Probing London Dispersion in Proton-Bound Onium Ions: Are Alkyl–Alkyl Steric Interactions Reliably Modeled?

Abstract

We report spectroscopic and spectrometric experiments that probe the London dispersion interaction between tert-butyl substituents in three series of covalently linked, protonated bis-pyridines in the gas phase. Molecular ions in the three test series, along with several reference molecules for control, were electrosprayed from solution into the gas phase and then probed by infrared multiphoton dissociation spectroscopy and trapped ion mobility spectrometry. The observed N–H stretching frequencies provided an experimental readout diagnostic of the ground-state geometry of each ion, which could be furthermore compared to a second, independent structural readout via the collision cross section. In each of the three series, the strength of a London dispersion interaction could be modulated systematically by a progressive increase in the size of substituents from H to Me to tert-Bu.
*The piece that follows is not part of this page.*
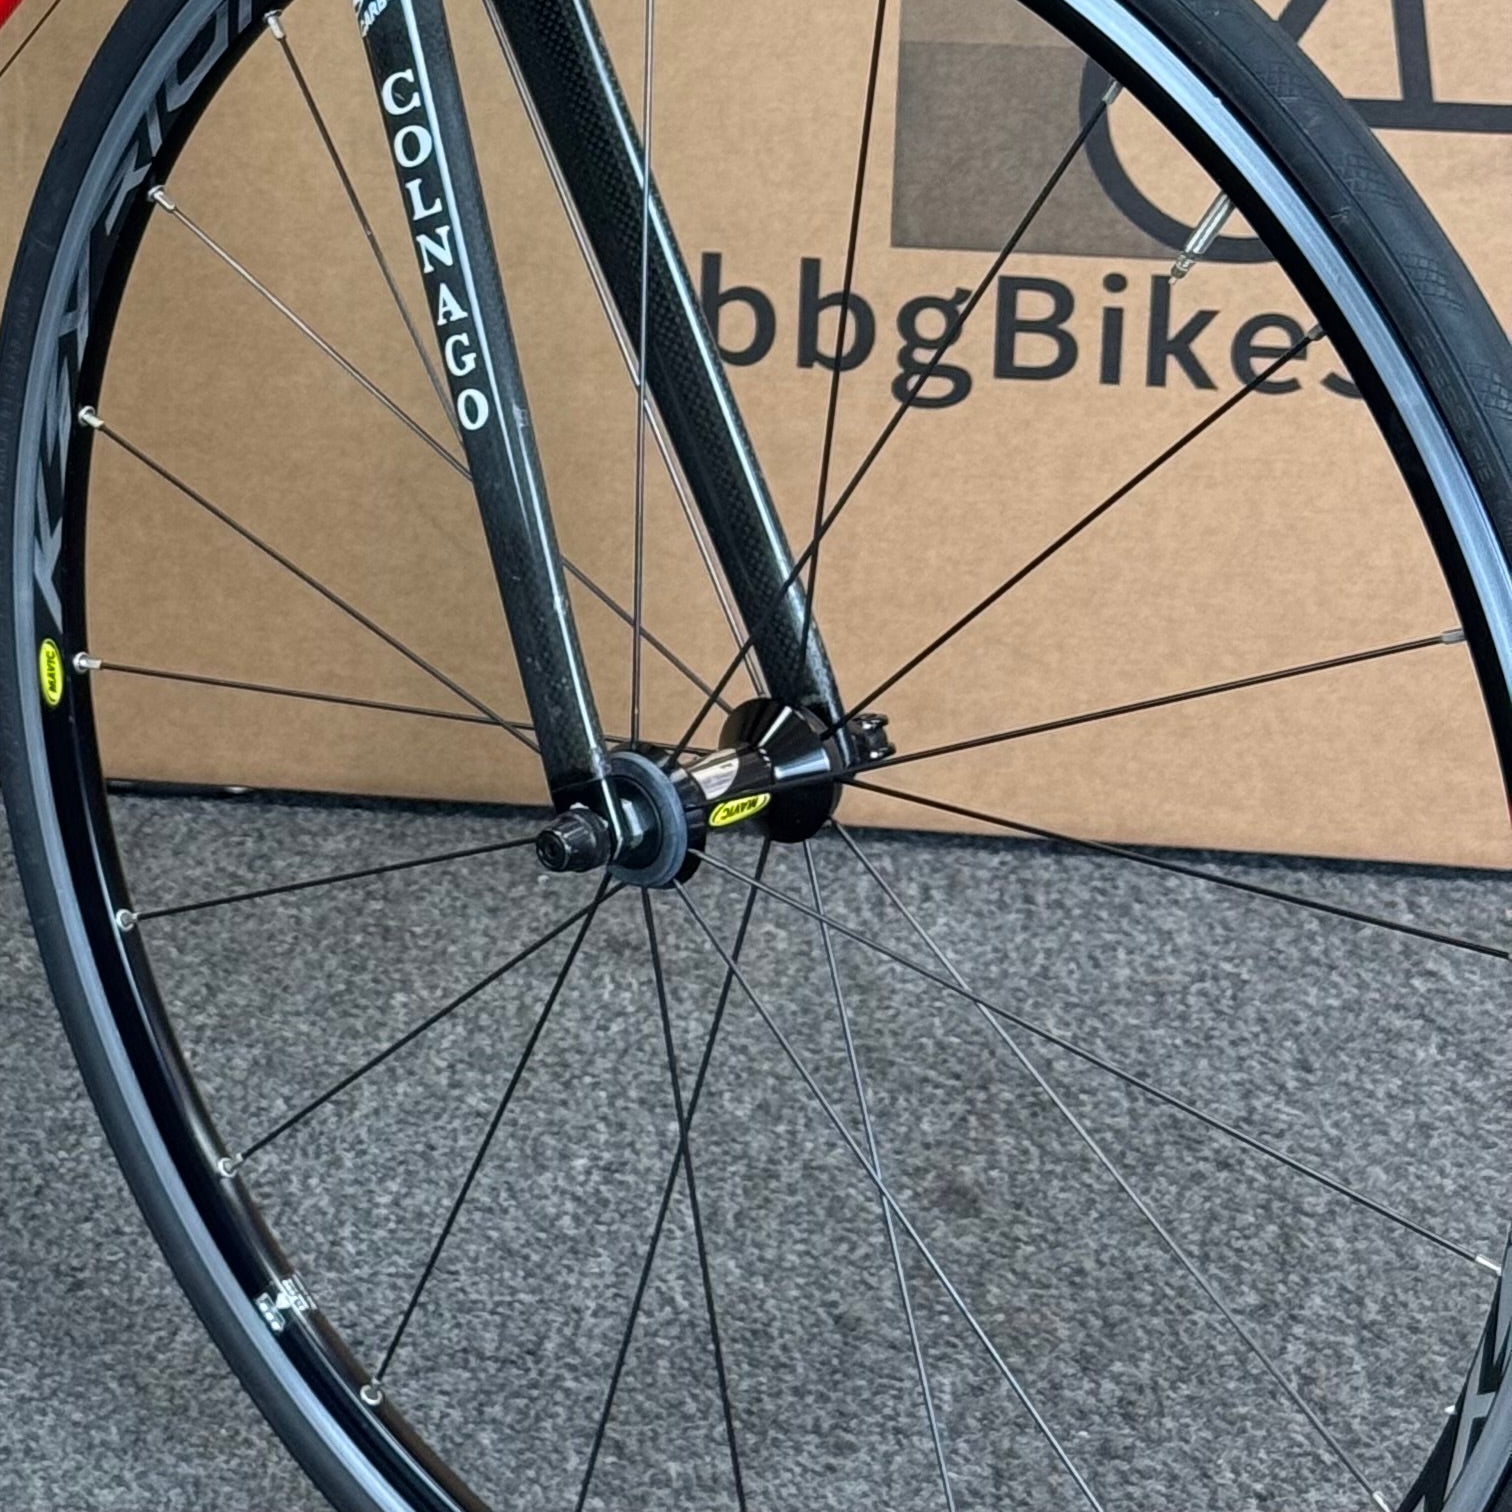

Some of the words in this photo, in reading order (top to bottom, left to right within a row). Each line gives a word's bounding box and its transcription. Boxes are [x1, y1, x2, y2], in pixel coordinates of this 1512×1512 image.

[381, 70, 490, 431] COLNAGO
[45, 649, 58, 694] MAVIC
[719, 796, 760, 821] MAVIC
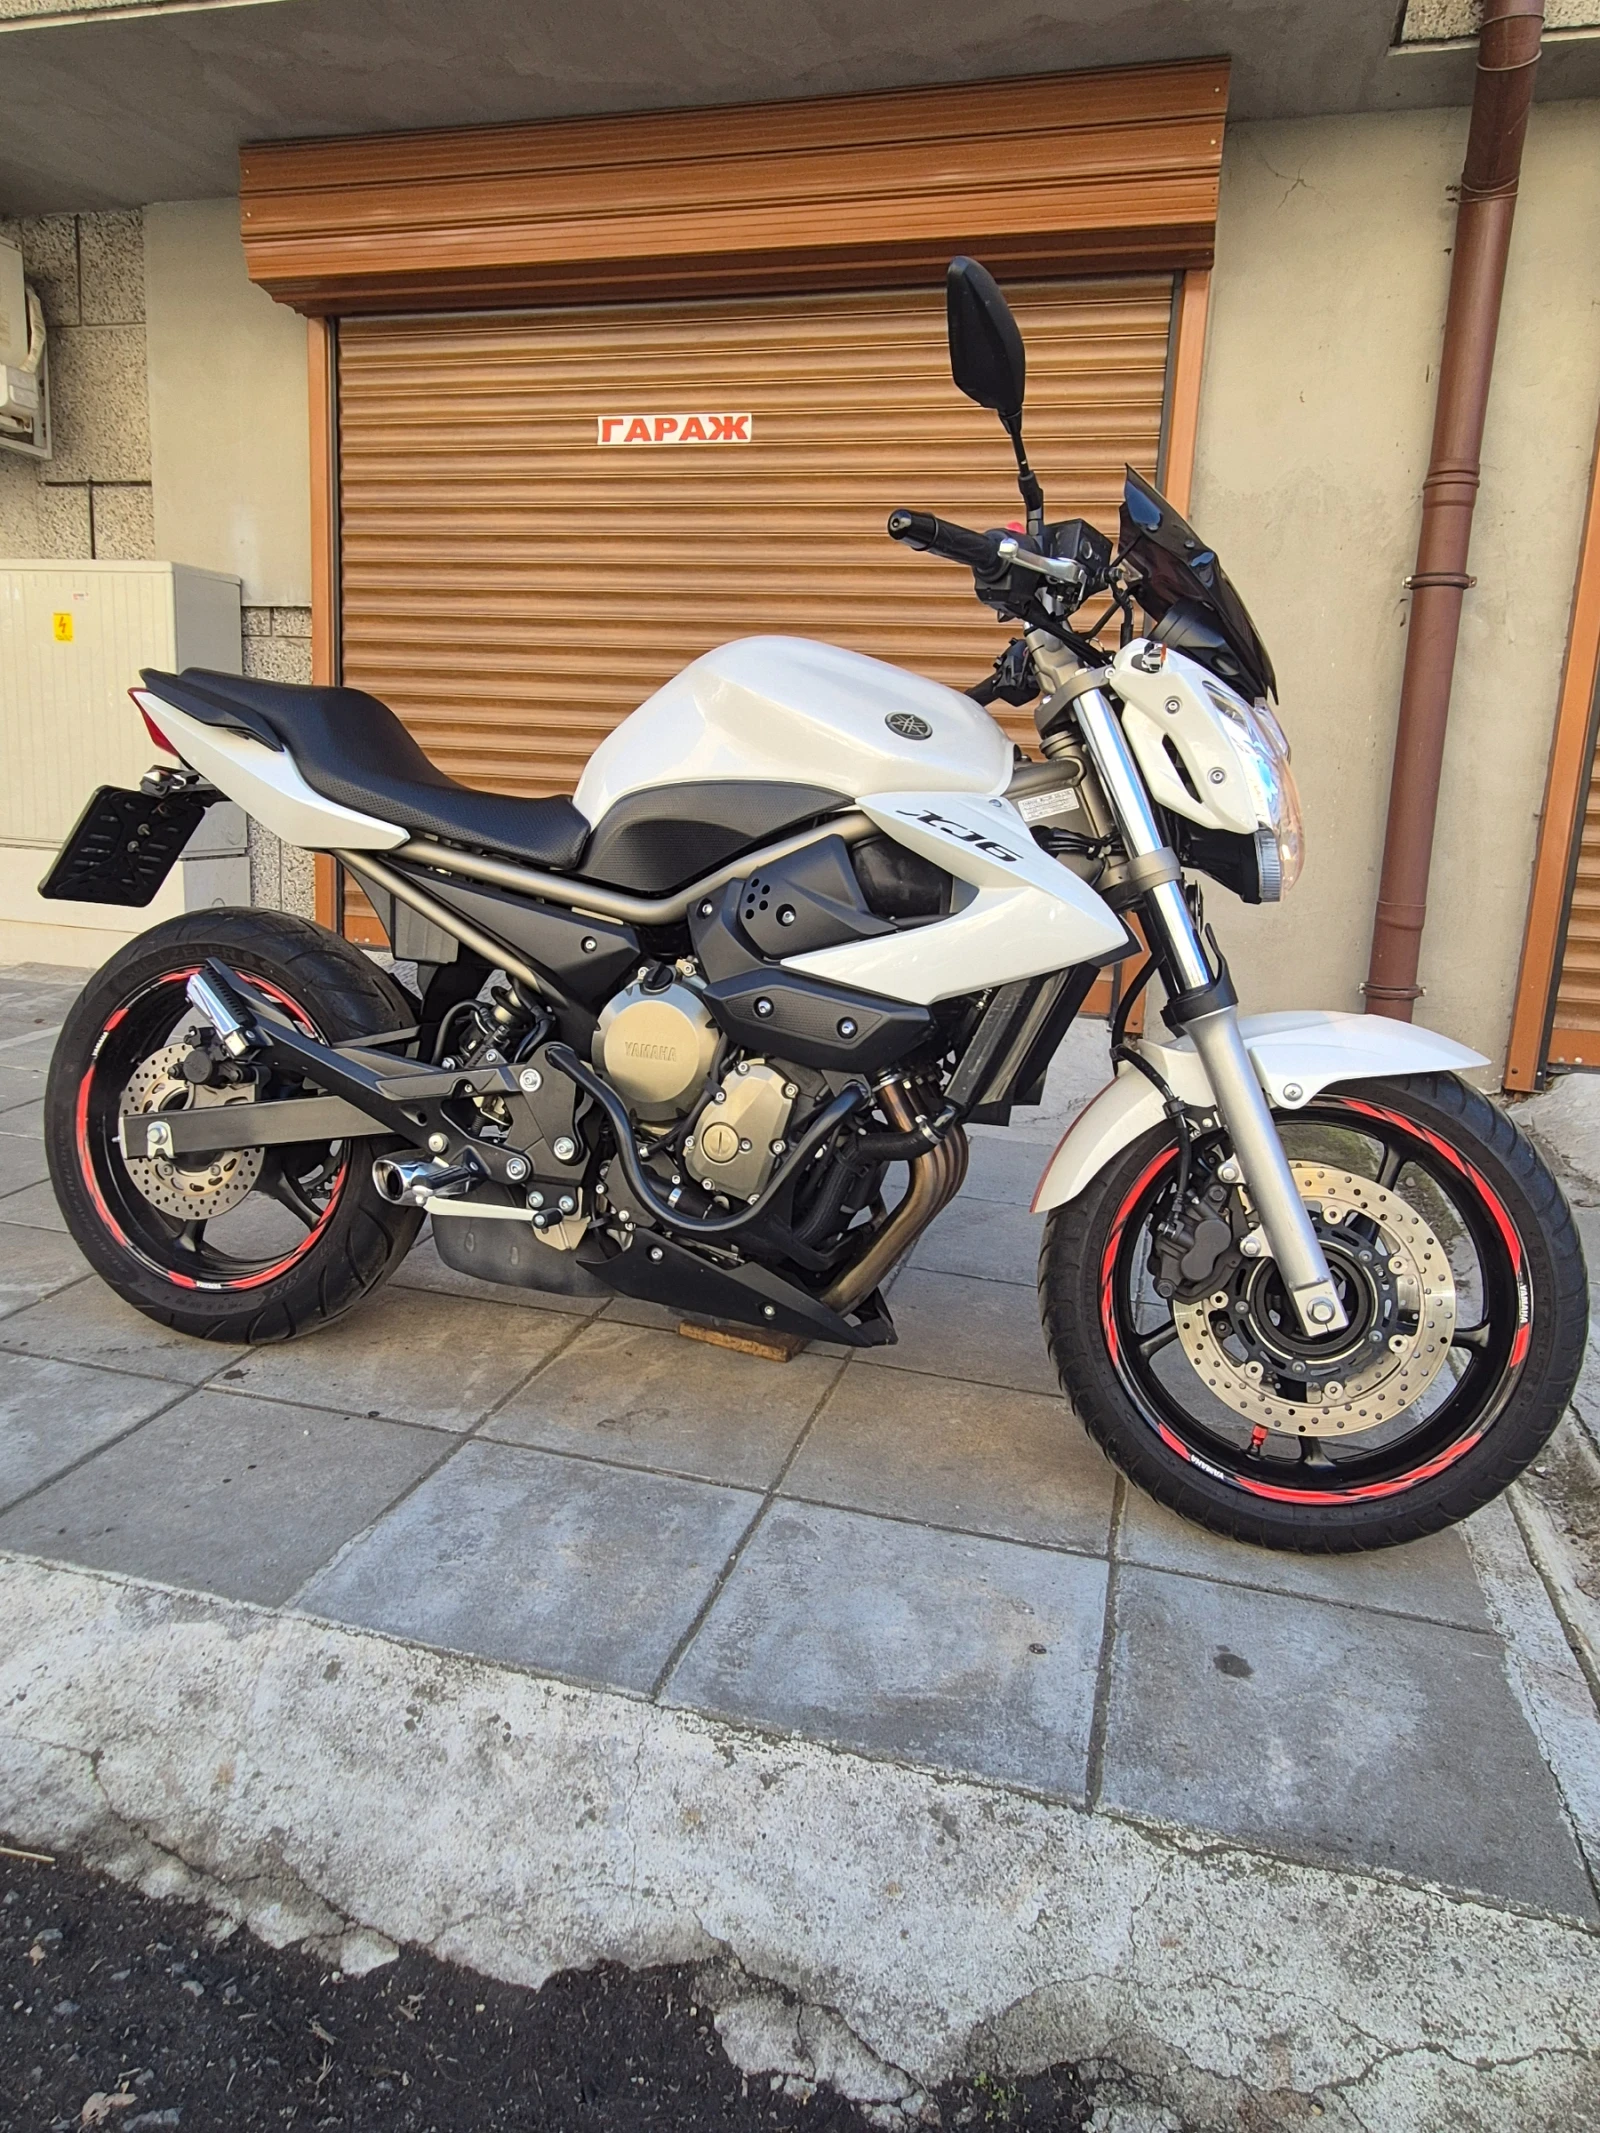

Parallel to the experimental study, extensive dispersion-corrected density functional theory (DFT-D3BJ) calculations were performed with a range of exchange correlation functionals. A full analysis of the conformational space for the flexible members of the series, and an analysis of the vibrational spectra in the context of a general double-well potential, finds that DFT-D3BJ appears to significantly overbind alkyl–alkyl interactions, specifically interactions between tert-Bu groups, even failing to predict the minimum energy structures reliably in the case of molecules in which London dispersion competes with other noncovalent interactions such as hydrogen bonding.